→ WHAT IS REQUIRED
Every line below is to be set down again exactly; any image stays out.

→ SOURCE MATERIAL
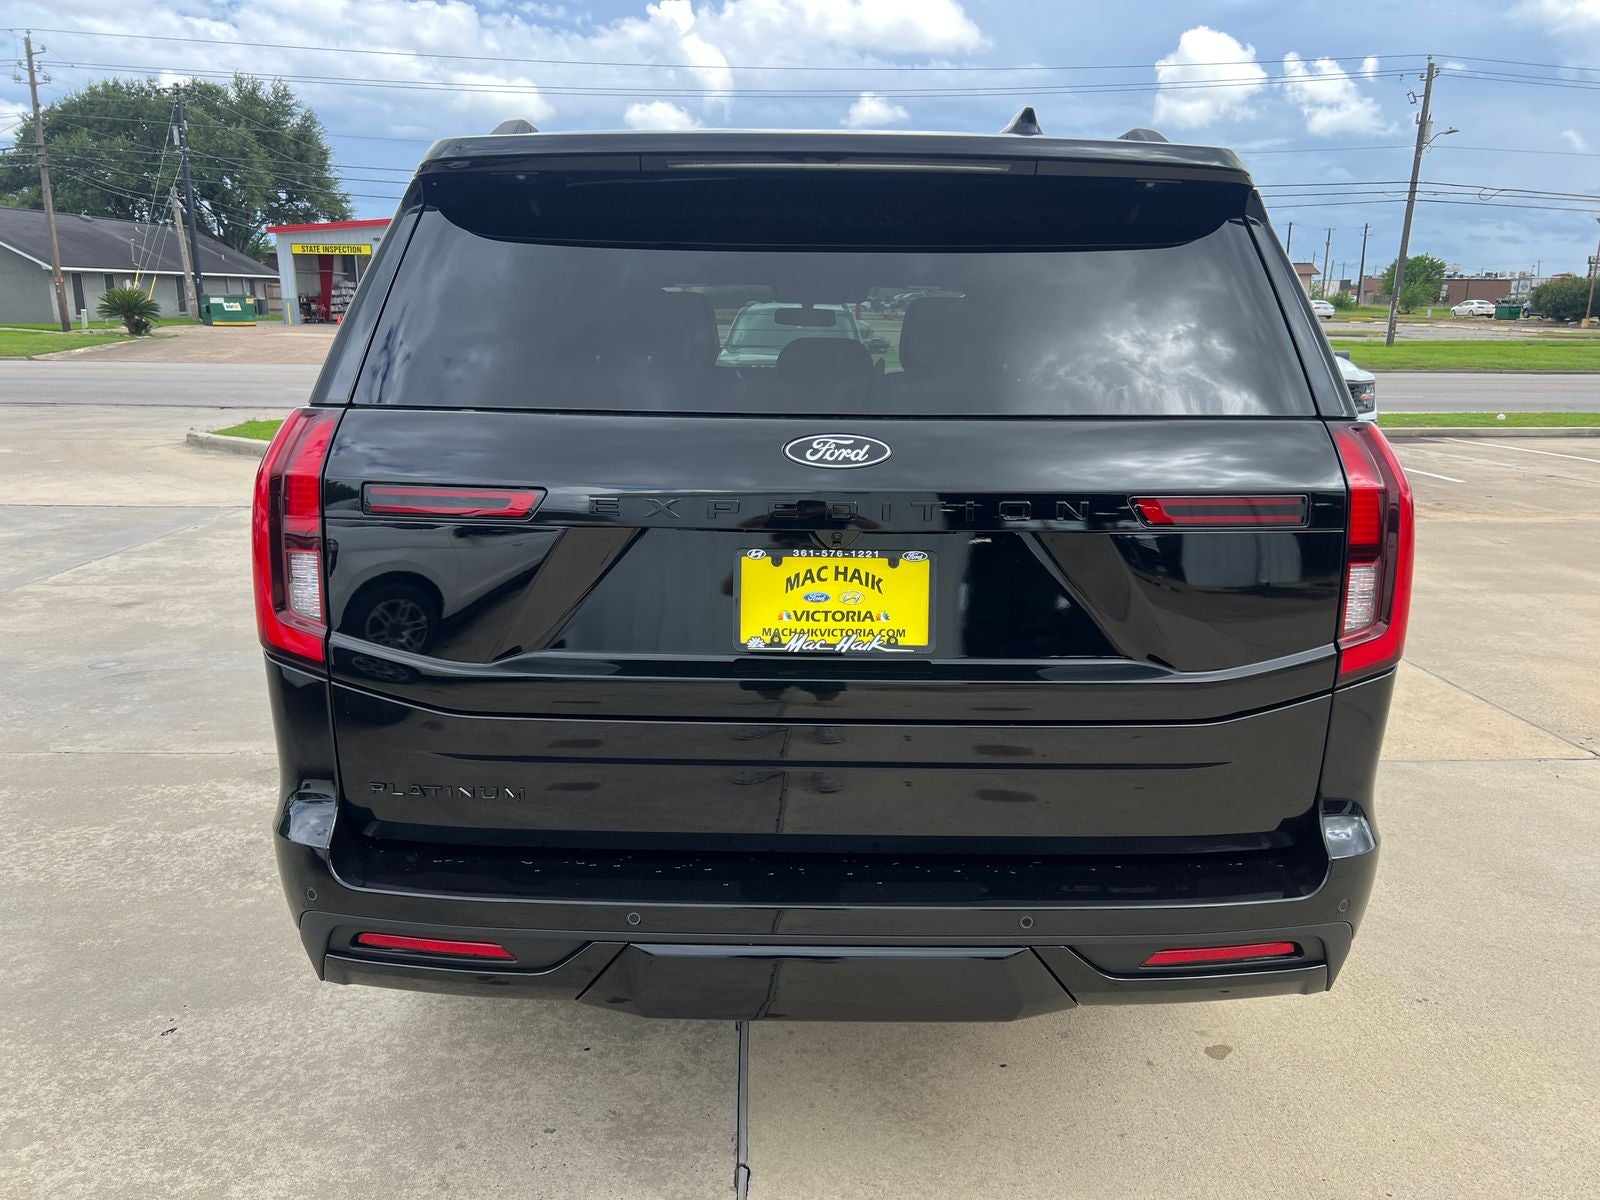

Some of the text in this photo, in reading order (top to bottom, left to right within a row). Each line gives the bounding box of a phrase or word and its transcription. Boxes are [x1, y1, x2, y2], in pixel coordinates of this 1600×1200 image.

[301, 245, 362, 254] STATE INSPECTION
[805, 438, 871, 462] Ford
[588, 496, 1090, 522] EXPEDITION
[792, 549, 880, 558] 361-576-1221
[784, 565, 884, 595] MAC HAIK
[806, 592, 827, 602] Ford
[792, 610, 875, 623] VICTORIA
[784, 632, 889, 653] Mac Haik
[368, 781, 527, 800] PLATINUM
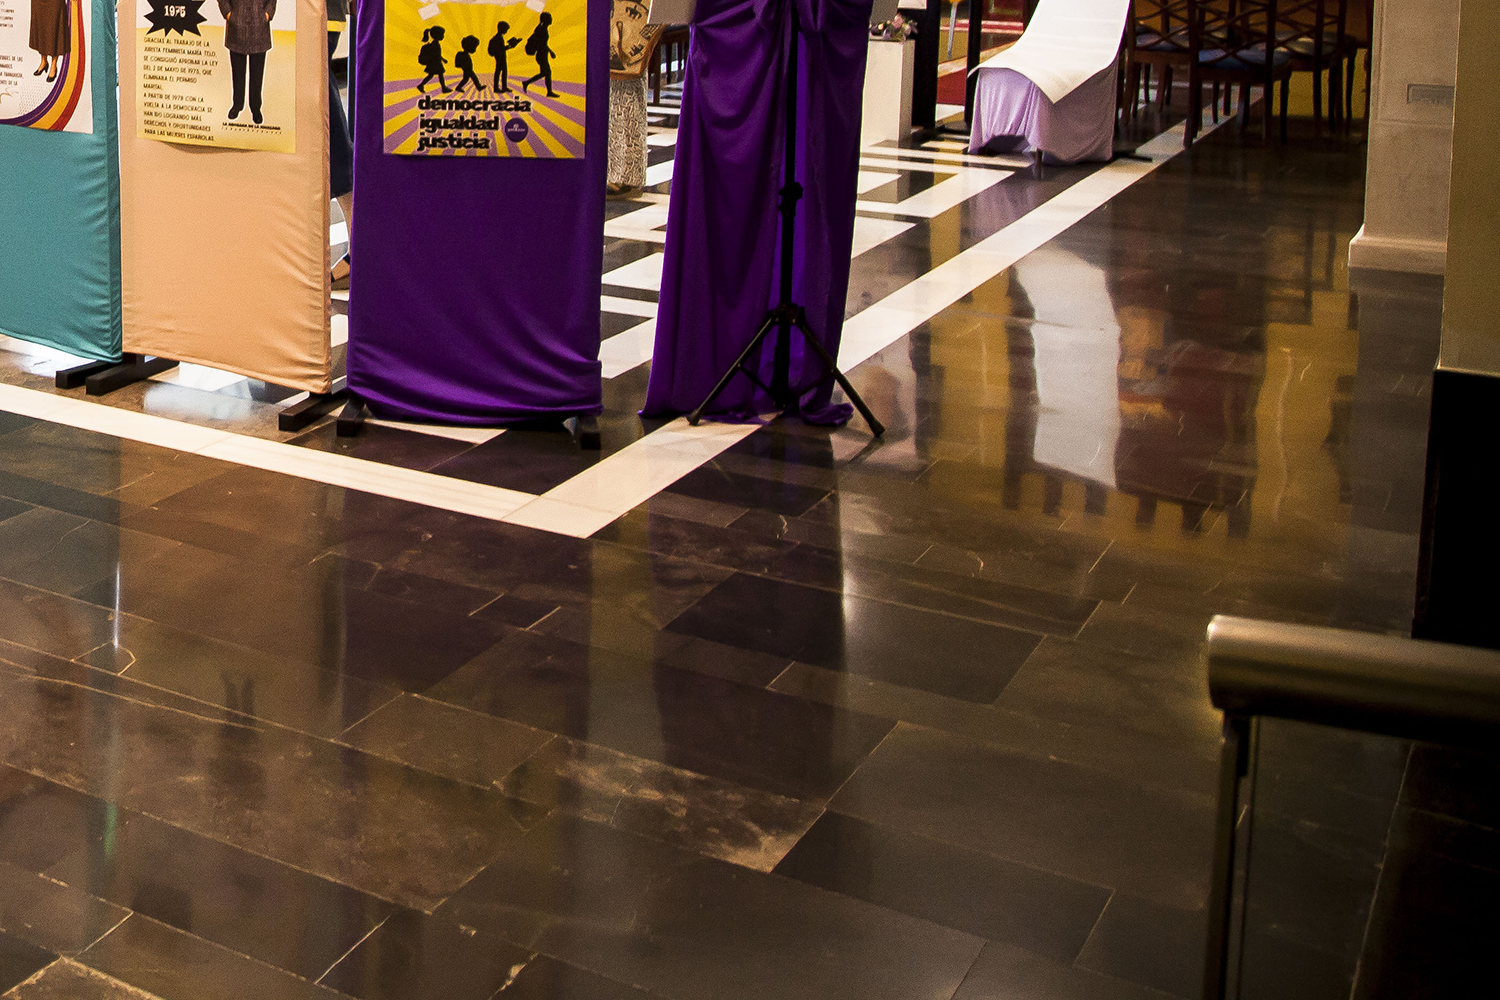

→ EXERCISE OUTPUT
Some of the text in this photo, in reading order (top to bottom, left to right within a row). Each line gives the bounding box of a phrase or word and its transcription. Boxes are [x1, y1, x2, y2], in pixel coordinates of this 1600×1200 image.

[301, 245, 362, 254] STATE INSPECTION
[805, 438, 871, 462] Ford
[588, 496, 1090, 522] EXPEDITION
[792, 549, 880, 558] 361-576-1221
[784, 565, 884, 595] MAC HAIK
[806, 592, 827, 602] Ford
[792, 610, 875, 623] VICTORIA
[784, 632, 889, 653] Mac Haik
[368, 781, 527, 800] PLATINUM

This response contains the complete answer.